この3点を共有する時間は、当日朝の10分で足ります。紙1枚に第一声と3項目とメモの型だけを印刷し、ブースの目立たない位置に貼っておくと、迷ったときに全員が同じところに戻れます。
| スタッフ人数 | 役割の置き方 | 崩れやすい点 |
|---|---|---|
| 2名 | 1名が声かけと初期判断、1名が説明と記録に専念する | 説明側が長く話し込むと、声かけ側が1人で全方向を見ることになる |
| 3名 | 声かけ、説明、記録と資料渡しの3役に分ける | 記録役が手待ちになり、いつのまにか説明に加わってしまう |
| 4名以上 | 2名1組を2交代にし、常に半数が休憩と入力に回る | 交代の引き継ぎで、会話中の相手の情報が抜け落ちる |
役割は固定するより、時間で交代させるほうが機能します。声かけを何時間も続けると集中力が落ち、判断が雑になります。午前と午後で入れ替える、あるいは90分単位で回すといった形で、同じ役割を続ける時間を区切ります。
会期が複数日にわたる場合は、初日の終わりに15分だけ全員で振り返りの時間を取ります。ここで見るのは獲得枚数ではなく、「どの第一声で足が止まったか」「どの質問で会話が止まったか」の2点です。翌日の第一声を1文だけ差し替えるだけでも、反応は変わります。こうした型の共有と改善を組織的に回す考え方は、セールスイネーブルメントを営業10名以下で始める進め方とも重なります。
やらない判断
当日にやらないことを先に決めておくと、判断の速度と会話の質が同時に上がります。
1つ目は、無理な引き止めをしないことです。通り過ぎようとしている人の前に立ちふさがる、断られた相手に重ねて声をかける、資料を押しつけるように渡す。いずれも短期的には接触数を増やしますが、ブース全体が「避けるべき場所」として認識されるコストのほうが大きくなります。主催者の規約で通路上の呼び込みが制限されている場合もあるため、出展規約は事前に確認しておきます。

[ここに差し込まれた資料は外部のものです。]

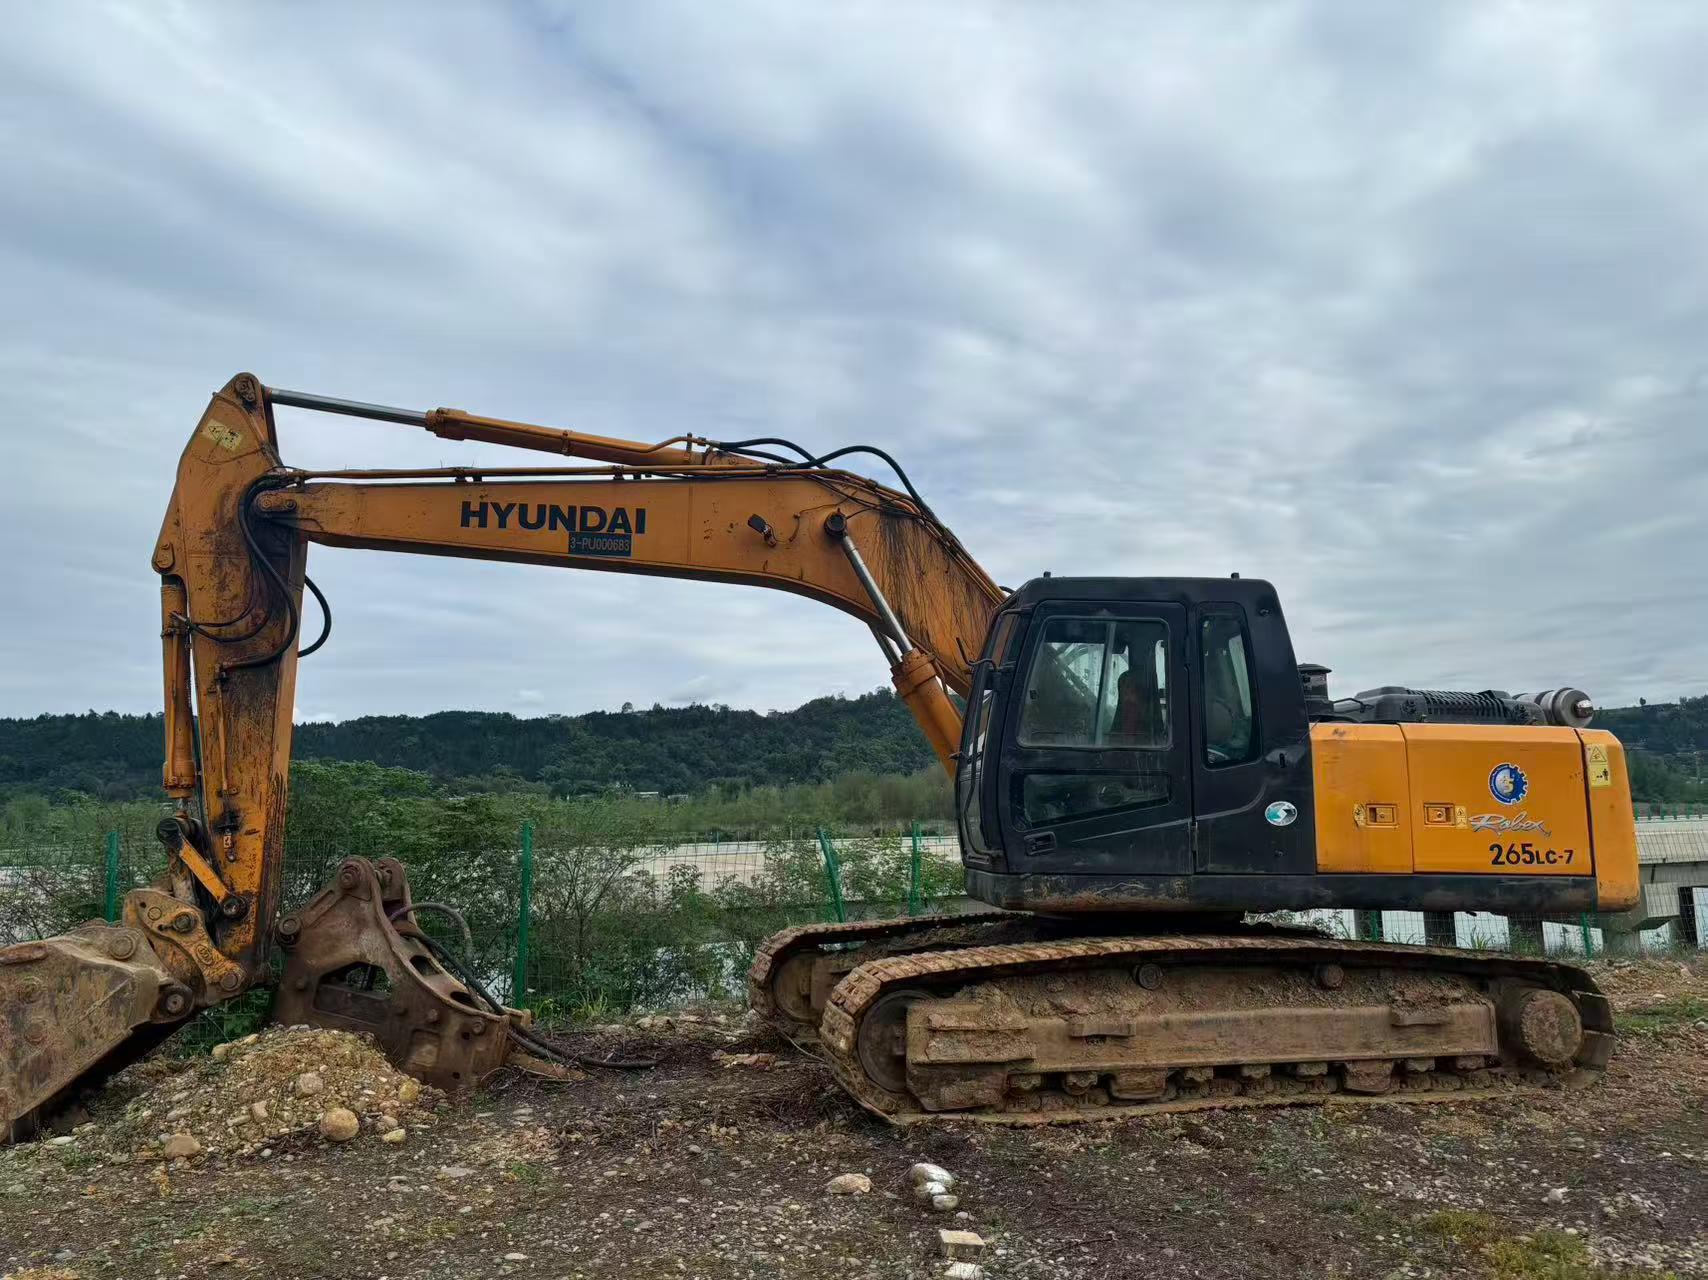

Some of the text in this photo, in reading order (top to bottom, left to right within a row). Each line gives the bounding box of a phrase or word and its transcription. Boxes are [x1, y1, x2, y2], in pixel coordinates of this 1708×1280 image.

2つ目は、その場でクロージングしないことです。展示会のブースで価格交渉や契約の話を進めようとすると、相手は身構えます。会場は相手にとって情報を集める場であって、決める場ではありません。ブースでのゴールは受注ではなく、次に会う約束です。ここを混同すると、せっかく温度の高い相手を警戒させて終わります。
3つ目は、全員に同じ説明をしないことです。同じ2分でも、決裁する立場の人には効果と投資回収の話を、現場で使う立場の人には運用の手間の話をします。同じ資料を使いながら、どこを指して話すかを変えるだけで十分です。これができないと、名刺は増えても、後日の連絡で使える文脈が誰の分も残りません。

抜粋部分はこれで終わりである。